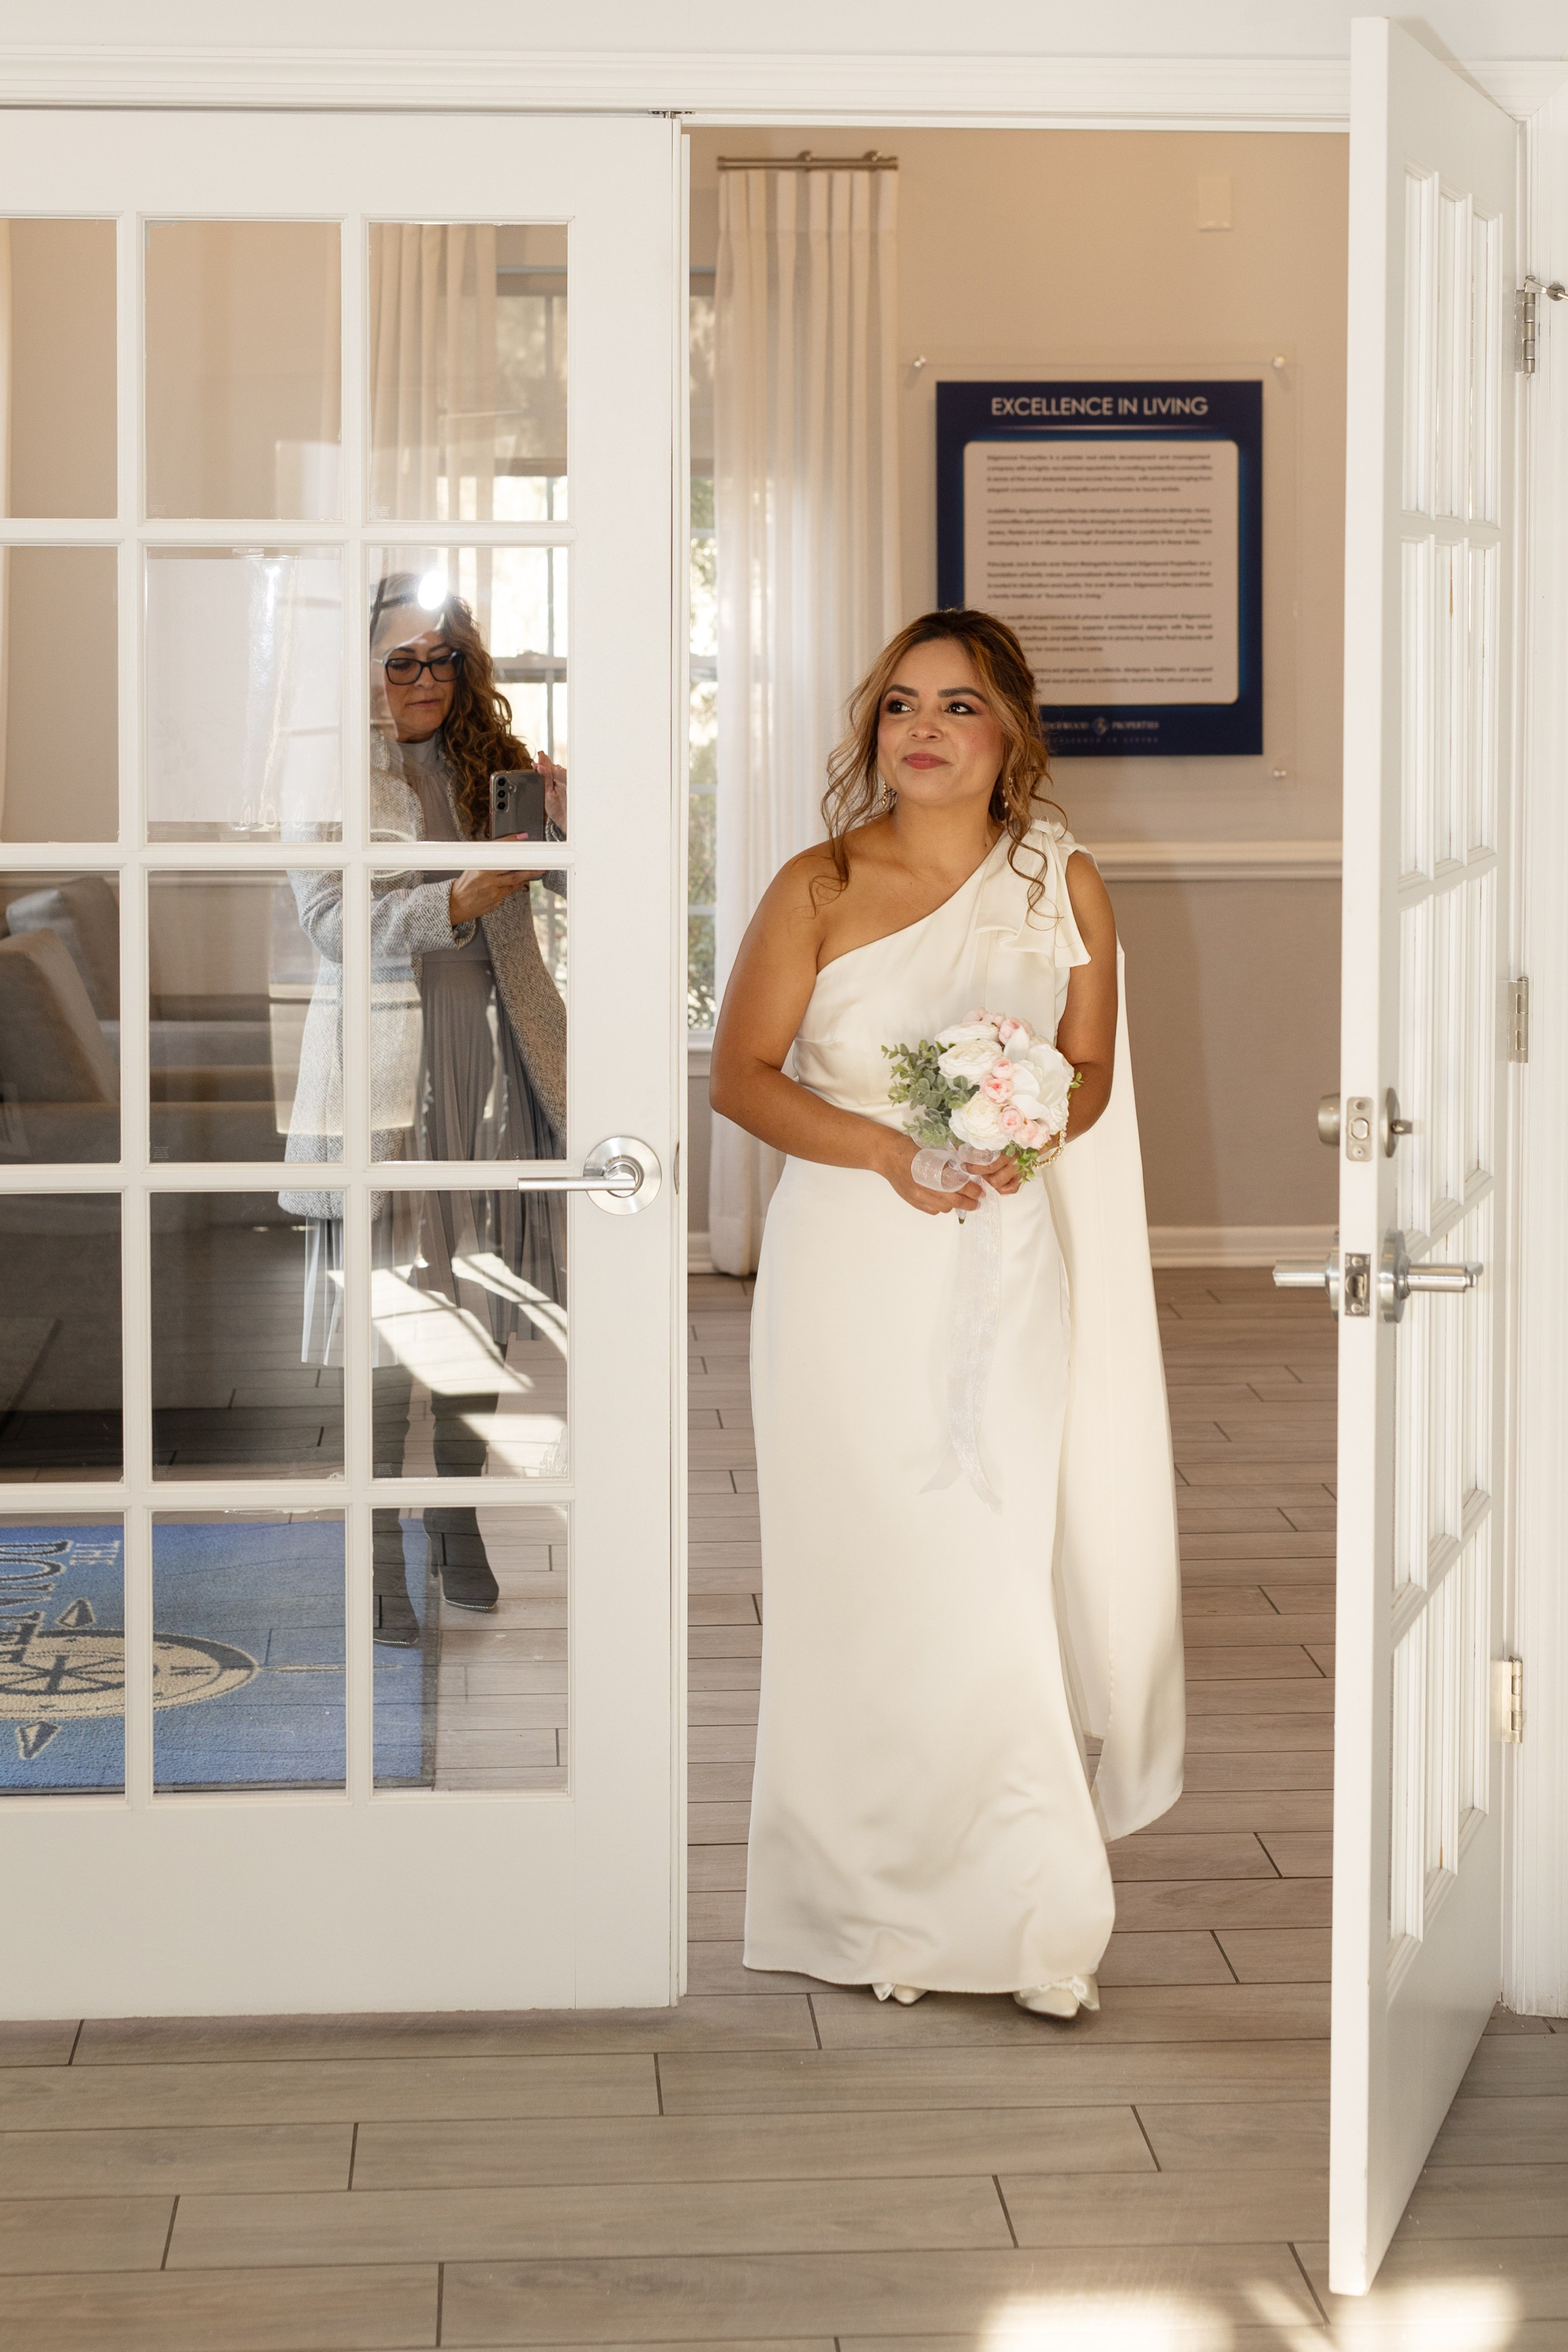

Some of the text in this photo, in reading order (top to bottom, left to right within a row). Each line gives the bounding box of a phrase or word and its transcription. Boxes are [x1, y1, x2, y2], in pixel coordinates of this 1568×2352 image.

[991, 396, 1208, 417] EXCELLENCE IN LIVING
[69, 1540, 121, 1566] THE
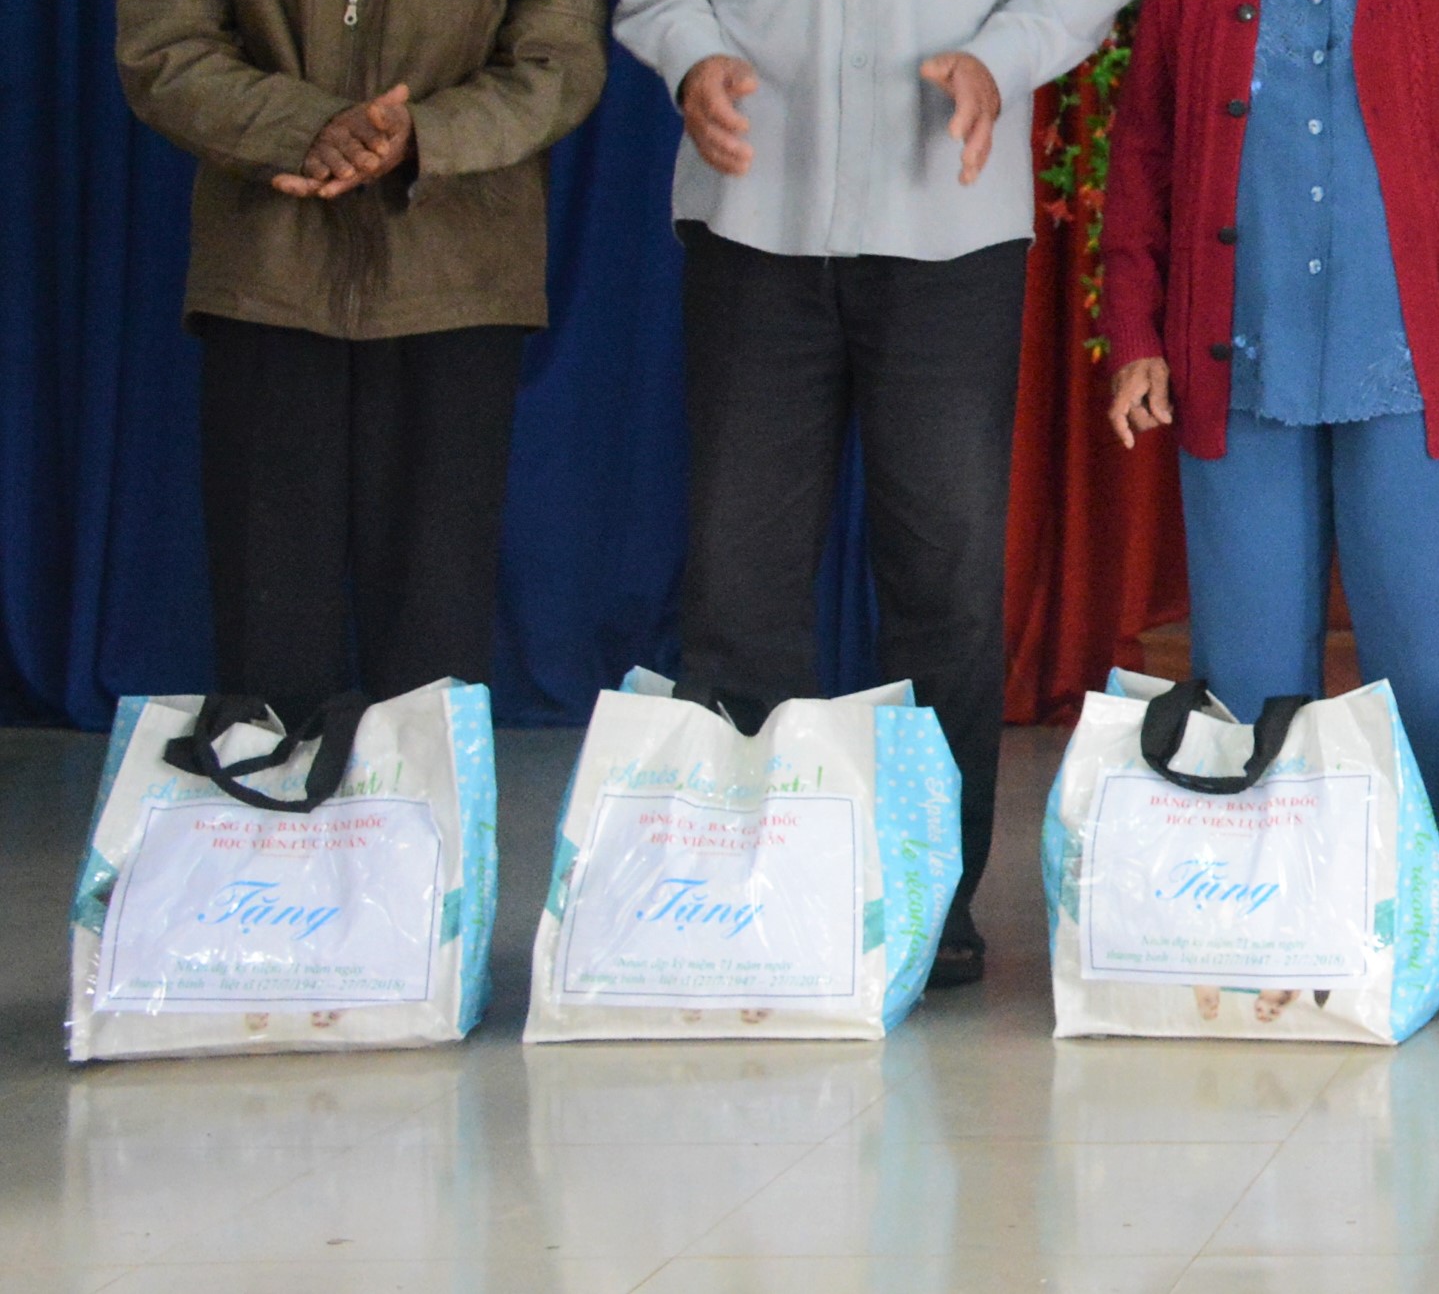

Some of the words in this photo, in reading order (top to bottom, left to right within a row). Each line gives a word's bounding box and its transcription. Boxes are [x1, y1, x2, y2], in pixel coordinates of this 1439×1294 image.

[196, 879, 343, 941] Tặng
[635, 877, 767, 942] Tặng
[1153, 858, 1281, 916] Tặng

_Problem details_:
Your answer should consist only of the lines from the one with "Some of the words" through the last line of the entries above, retyped exactly.

_Task answer_:
Some of the words in this photo, in reading order (top to bottom, left to right within a row). Each line gives a word's bounding box and its transcription. Boxes are [x1, y1, x2, y2], in pixel coordinates of this 1439×1294 image.

[196, 879, 343, 941] Tặng
[635, 877, 767, 942] Tặng
[1153, 858, 1281, 916] Tặng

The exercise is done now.